"Hurry up men! Hoist those guns up there!" Canada heard the commander on the street below bellow up at them as they pulled the last of the three pounders into the second story windows of the building facing the street. The snow was coming in harder now, and the men below were barely visible. They put the last cannon into position and secured it in place. The Artillery men wasted no time loading the guns with grapeshot and getting ready for Montgomery's men making their way up the street in the blizzard.
"We're not going to be able to see anything to shoot at." Canada said, staring into the swirling snow.
The commander walked up to him, still stamping snow from his boots. "We'll let them get nice and close before we fire."
"Montreal fell, what's to stop them here?" Canada tried to not show his fear, but he had been shocked at how ferocious the Americans fought. The Canadians outnumbered them easily, but they were no match for them and were completely unprepared for their attack.
"Don't worry," The commander said, putting a hand on Canada's shoulder, "We're about to give them a taste of hell."

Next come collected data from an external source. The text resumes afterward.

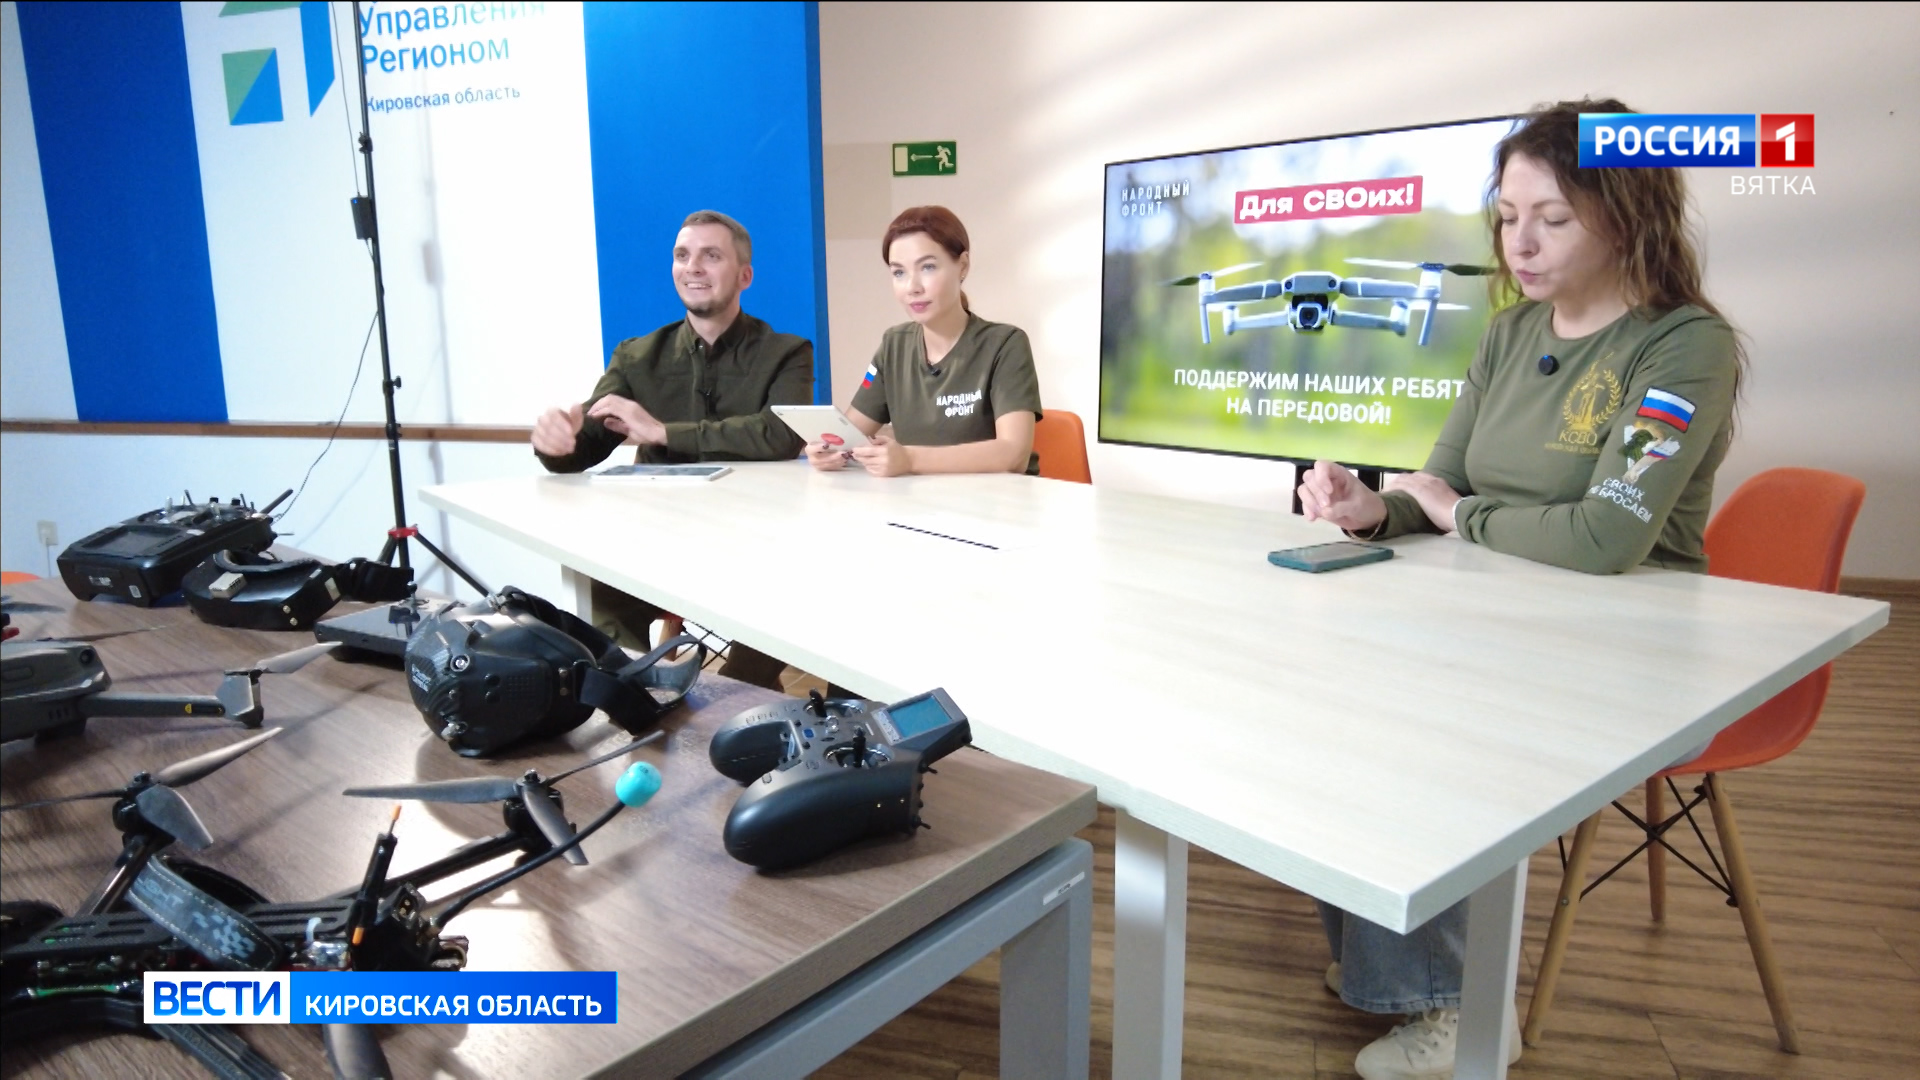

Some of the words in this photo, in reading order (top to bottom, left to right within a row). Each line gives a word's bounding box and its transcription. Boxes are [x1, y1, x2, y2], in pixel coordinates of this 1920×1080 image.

[359, 1, 545, 40] Управления
[362, 38, 510, 76] Регионом
[455, 87, 521, 105] область
[1121, 179, 1190, 202] НАРОДНЫЙ
[1239, 195, 1294, 220] Для
[1303, 183, 1414, 212] СВОих!
[1121, 201, 1162, 217] ФРОНТ
[1174, 369, 1299, 391] ПОДДЕРЖИМ
[1304, 373, 1386, 396] НАШИХ
[1391, 377, 1466, 399] РЕБЯТ
[936, 388, 982, 406] НАРОДНЫЙ
[944, 403, 975, 418] ФРОНТ
[1226, 397, 1252, 416] НА
[1257, 399, 1391, 425] ПЕРЕДОВОЙ!

America ran up the street, slipping in the snow and trying not to trip over men who lost their footing and fell in front of him. The snow stung his eyes but Montgomery kept urging them to move forward quickly. He could barely be heard over the howl of the wind, as he led them through the storm. America wasn't sure who had the great idea to attack Quebec on New Years Eve in a blizzard, but there they were
The front columns were just rounding the corner into the next street when America's foot found an icy patch and he went down into the snow. His musket was knocked from his hands and slid into a drift. "Dammit!" He shouted as he scrambled on hands and knees sifting through the snow trying to find it, the rest of the regiment running past him.

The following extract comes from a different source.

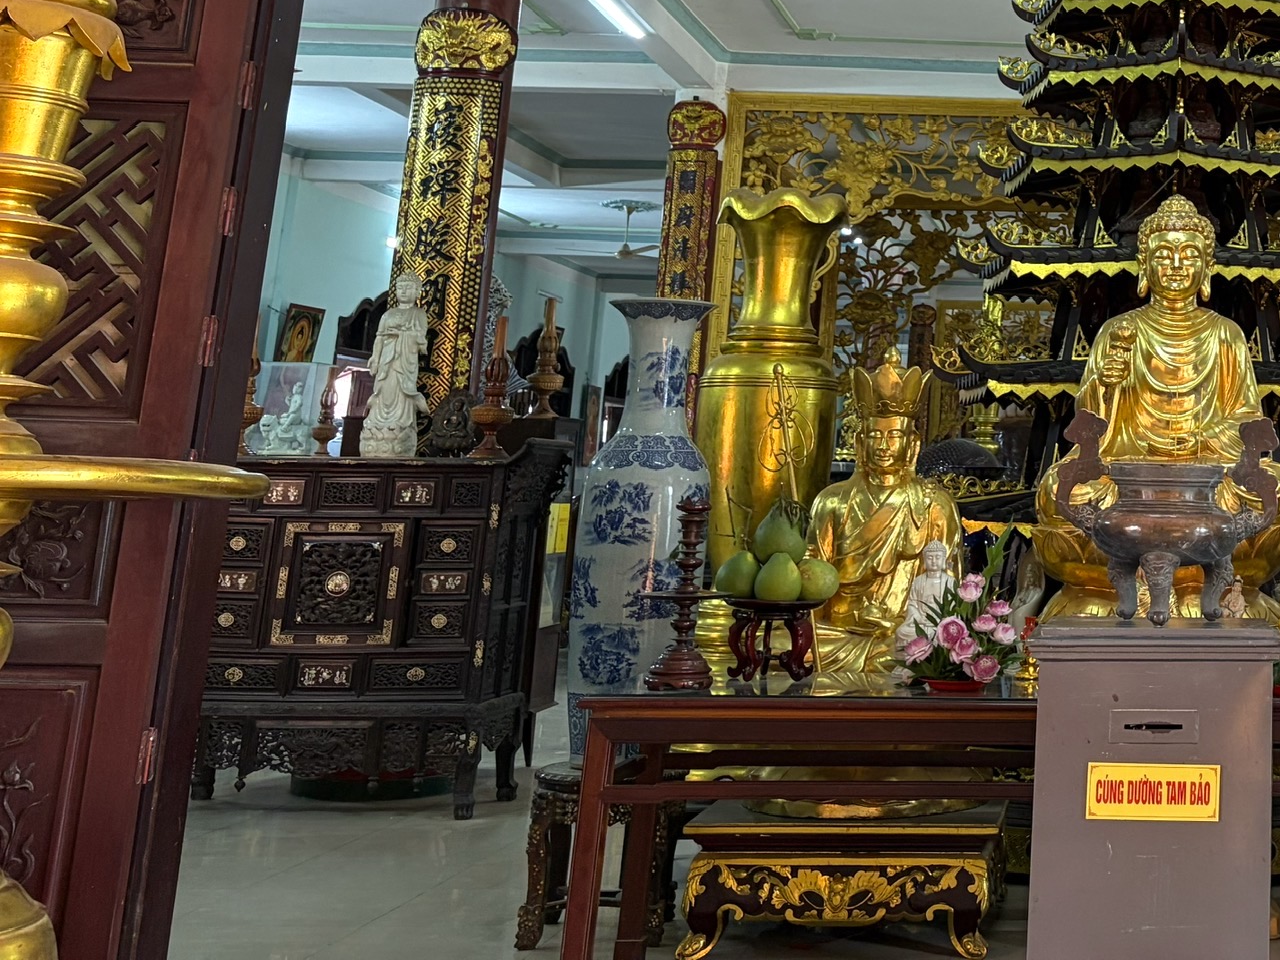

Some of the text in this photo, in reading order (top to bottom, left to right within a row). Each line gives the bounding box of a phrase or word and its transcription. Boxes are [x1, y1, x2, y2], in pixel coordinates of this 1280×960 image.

[1096, 773, 1211, 806] CÚNG DƯỜNG TAM BẢO

America saw the flash of cannon fire before he heard anything. He heard men screaming as they were flung back by the grape shot tearing through them. He saw Montgomery go down, then looked to his side and saw Canada standing only a few meters away in the blood spattered snow. "Canada?" America shouted into the wind. Canada said nothing as a swirl of snow enveloped him and he disappeared. "Canada!" America yelled again, reaching for him, as he heard the thunder of more guns.

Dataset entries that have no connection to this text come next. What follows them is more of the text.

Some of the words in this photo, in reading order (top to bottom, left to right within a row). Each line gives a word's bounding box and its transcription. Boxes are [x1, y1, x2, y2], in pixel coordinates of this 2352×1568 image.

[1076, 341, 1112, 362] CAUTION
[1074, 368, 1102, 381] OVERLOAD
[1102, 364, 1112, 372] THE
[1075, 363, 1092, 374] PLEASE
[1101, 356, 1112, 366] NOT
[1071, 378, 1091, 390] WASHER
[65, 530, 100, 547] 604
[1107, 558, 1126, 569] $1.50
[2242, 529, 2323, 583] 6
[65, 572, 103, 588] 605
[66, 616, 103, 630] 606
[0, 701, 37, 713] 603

America opened his eyes at the sound of pounding close by. He sat up with a start when he realized the pounding came from his own front door. Frowning at the puddle of drool on the table he wiped it up with his sleeve as he rose to answer the door. He flung it open and squinted into the weak winter sunlight glinting off the snow. "Yes?" He growled out gruffly, only able to make out a shadow in his doorway.
"What rude manners Francia, and after all we went through to get here." A warm, cheerful voice said behind the shadow.
"I know, I know my friend, but remember who raised the boy." France replied as he entered the room and looked at America with a kind smile. "How are you America, looking thinner and pale perhaps?"
"He looks like he could use a decent meal." Spain replied, as he set down a basket on the table.
"Not surprising, with that blockade out there." France said, pulling off his gloves and assessing the fireplace. He picked up the poker and stirred the coals, then tossed in a few logs. It didn't take long for flames to appear and begin dancing around the wood. "Now that the room can warm up, let's have lunch."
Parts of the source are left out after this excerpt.